LE DUO MAUVE DU SIÈCLE

En 2000-01, Anderlecht épate l’Europe en matant notamment le Real Madrid et Manchester United en Champions League. À la pointe de l’attaque, un duo : le petit Tomasz Radzinski et le géant Jan Koller. Quinze ans après les faits, les deux buteurs reviennent sur les meilleurs moments de cette campagne et sur leur formidable complicité.

Pour Anderlecht, tout commence en août 2000 contre Porto, en barrages de la Ligue des Champions. Un stress intense ?

JANKOLLER : Je ne me souviens pas d’avoir tant stressé que ça… Pourtant, c’est vrai que Porto était le grand favori. Mais on a fait un tout bon résultat en gagnant 1-0 à Anderlecht, parce que le match retour était chaud !

TOMASZRADZINSKI : À Porto, c’était vraiment serré ! Ce n’était vraiment pas facile et c’est vrai qu’on a été très chanceux à plusieurs reprises pour tenir le 0-0. Je me souviens notamment d’une faute de Bertrand Crasson dans le rectangle, qui n’a pas été sifflée…

Après avoir éliminé Porto, vous vous dites qu’il y a moyen de faire de bonnes choses contre le Dynamo Kiev, le PSV et Manchester United ?

TOMASZ : Je ne pense pas qu’un seul d’entre nous pensait aller si loin… Ces trois équipes étaient habituées à faire de bonnes choses en Champions League. Mais la victoire contre Porto nous a donné un coup de boost. On se disait que la deuxième place était peut-être accessible… peut-être (rires).

Pourtant, à l’époque, certains disaient que le jeu d’Aimé Anthuenis était ennuyeux et laborieux…

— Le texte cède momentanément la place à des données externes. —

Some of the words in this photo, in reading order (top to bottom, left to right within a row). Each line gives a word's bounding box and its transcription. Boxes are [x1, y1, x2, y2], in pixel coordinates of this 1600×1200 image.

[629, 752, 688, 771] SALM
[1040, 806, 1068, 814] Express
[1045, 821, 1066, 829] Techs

JAN : Non, je ne trouve pas… C’était agréable à jouer. Aimé Anthuenis était un bon entraîneur et avec les joueurs qu’on avait, on proposait un jeu fort technique et offensif, fait de combinaisons.

TOMASZ : Le système en 4-4-2 d’Aimé Anthuenis nous a vraiment permis de vivre de belles choses avec Jan. Par la suite, j’ai également joué avec trois attaquants, mais ce n’était pas la même chose.

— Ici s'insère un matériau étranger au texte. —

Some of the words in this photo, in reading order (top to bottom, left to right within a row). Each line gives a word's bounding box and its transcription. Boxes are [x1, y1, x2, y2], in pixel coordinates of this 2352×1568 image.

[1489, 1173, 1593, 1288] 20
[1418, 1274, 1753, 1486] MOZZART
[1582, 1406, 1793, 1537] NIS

JAN : Dans ma carrière, je peux même dire que c’est à Anderlecht que j’ai eu le plus de plaisir à jouer au foot !

TOMASZ : On avait une moyenne d’ 1,5 goal par match en Champions League, beaucoup d’équipes belges en rêveraient. Il n’y a eu qu’un seul match sans but, à Kiev, donc je ne vois pas comment notre jeu aurait pu être désagréable.

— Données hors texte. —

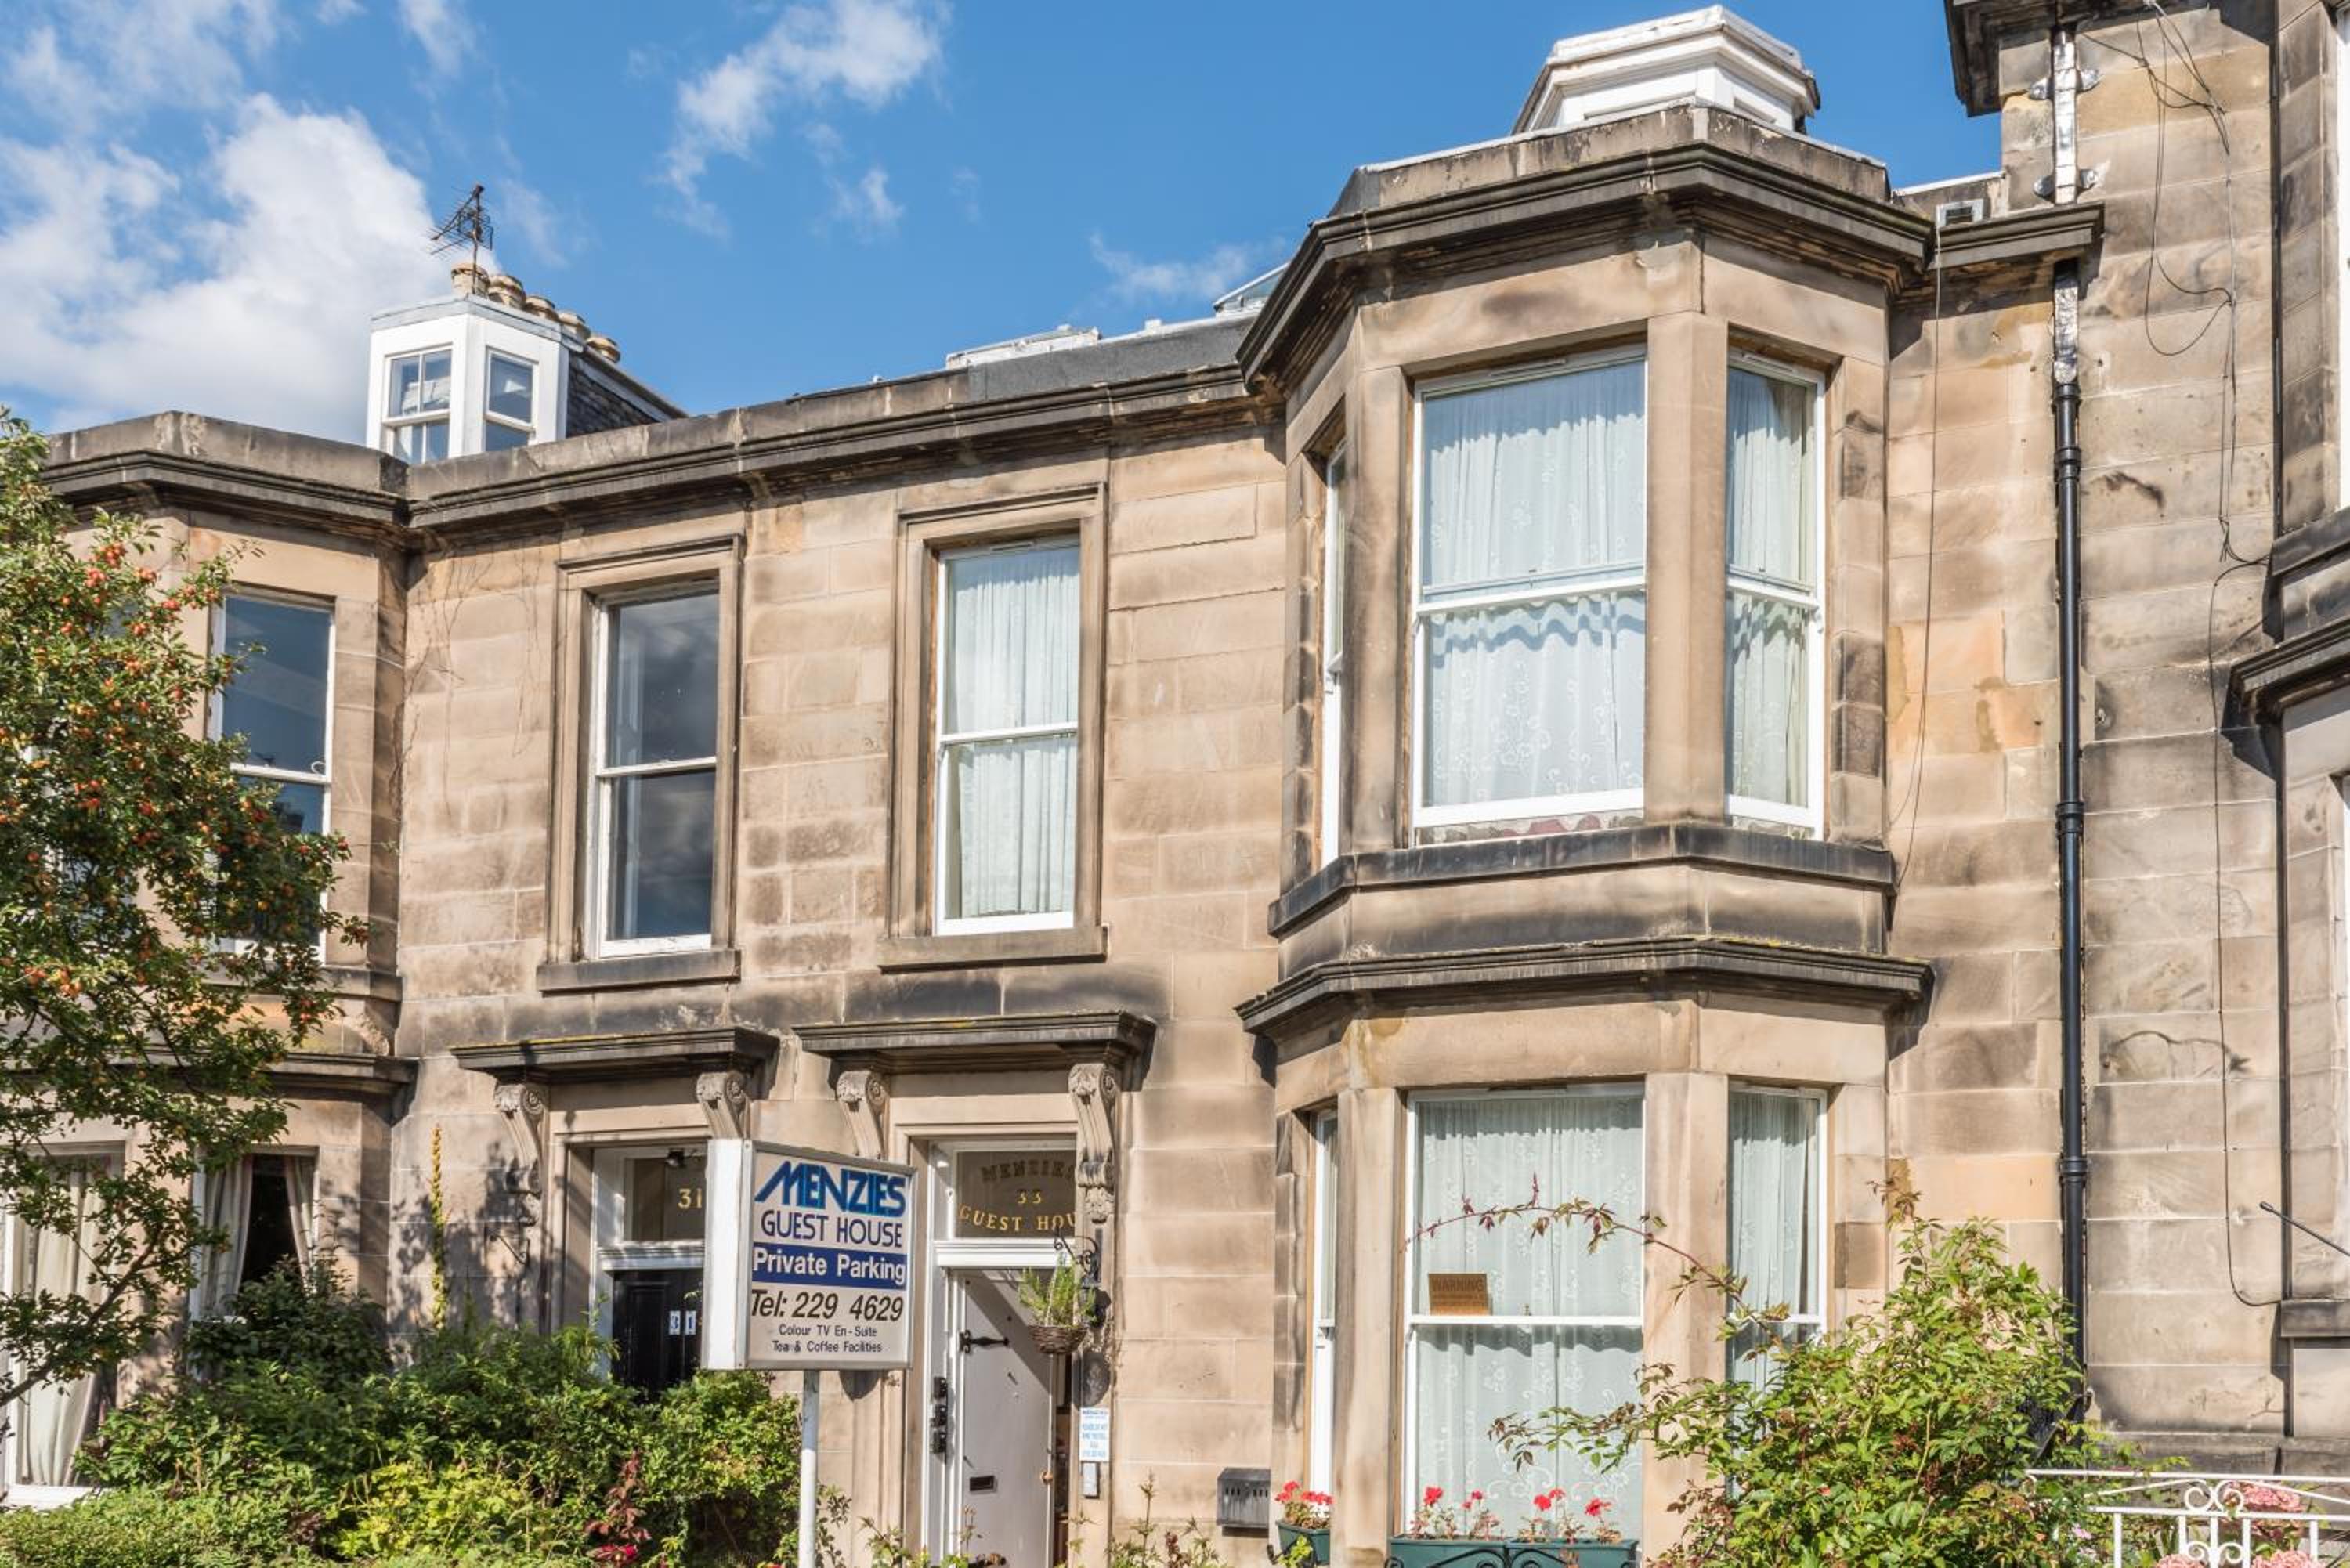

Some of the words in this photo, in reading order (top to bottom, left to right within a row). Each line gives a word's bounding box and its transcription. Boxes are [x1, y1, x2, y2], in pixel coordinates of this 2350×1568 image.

[678, 1188, 703, 1209] 31
[754, 1160, 906, 1217] MENZIES
[1018, 1189, 1043, 1204] 33
[761, 1210, 829, 1241] GUEST
[837, 1216, 903, 1248] HOUSE
[958, 1203, 1022, 1232] GUEST
[753, 1248, 827, 1276] Private
[837, 1254, 906, 1284] Parking
[1432, 1278, 1484, 1292] WARNING
[751, 1289, 787, 1317] Tel:
[792, 1292, 839, 1319] 229
[850, 1295, 904, 1321] 4629
[779, 1323, 811, 1336] Colour
[817, 1324, 830, 1336] TV
[772, 1340, 790, 1353] Tea
[794, 1340, 801, 1353] &
[808, 1340, 840, 1353] Coffee
[843, 1342, 883, 1353] Facilities

Le match le plus fou de cette aventure européenne, c’est contre le Real, la Lazio ou Manchester ?

JAN : Je pense que c’est contre Manchester, qui était vraiment au top en Europe avec toutes ses stars. Mais surtout la première mi-temps hein, parce qu’en deuxième, on a beaucoup défendu (rires). Ce n’est pas le meilleur match au niveau de la qualité, mais pour le résultat et l’ambiance dans le stade, c’était exceptionnel.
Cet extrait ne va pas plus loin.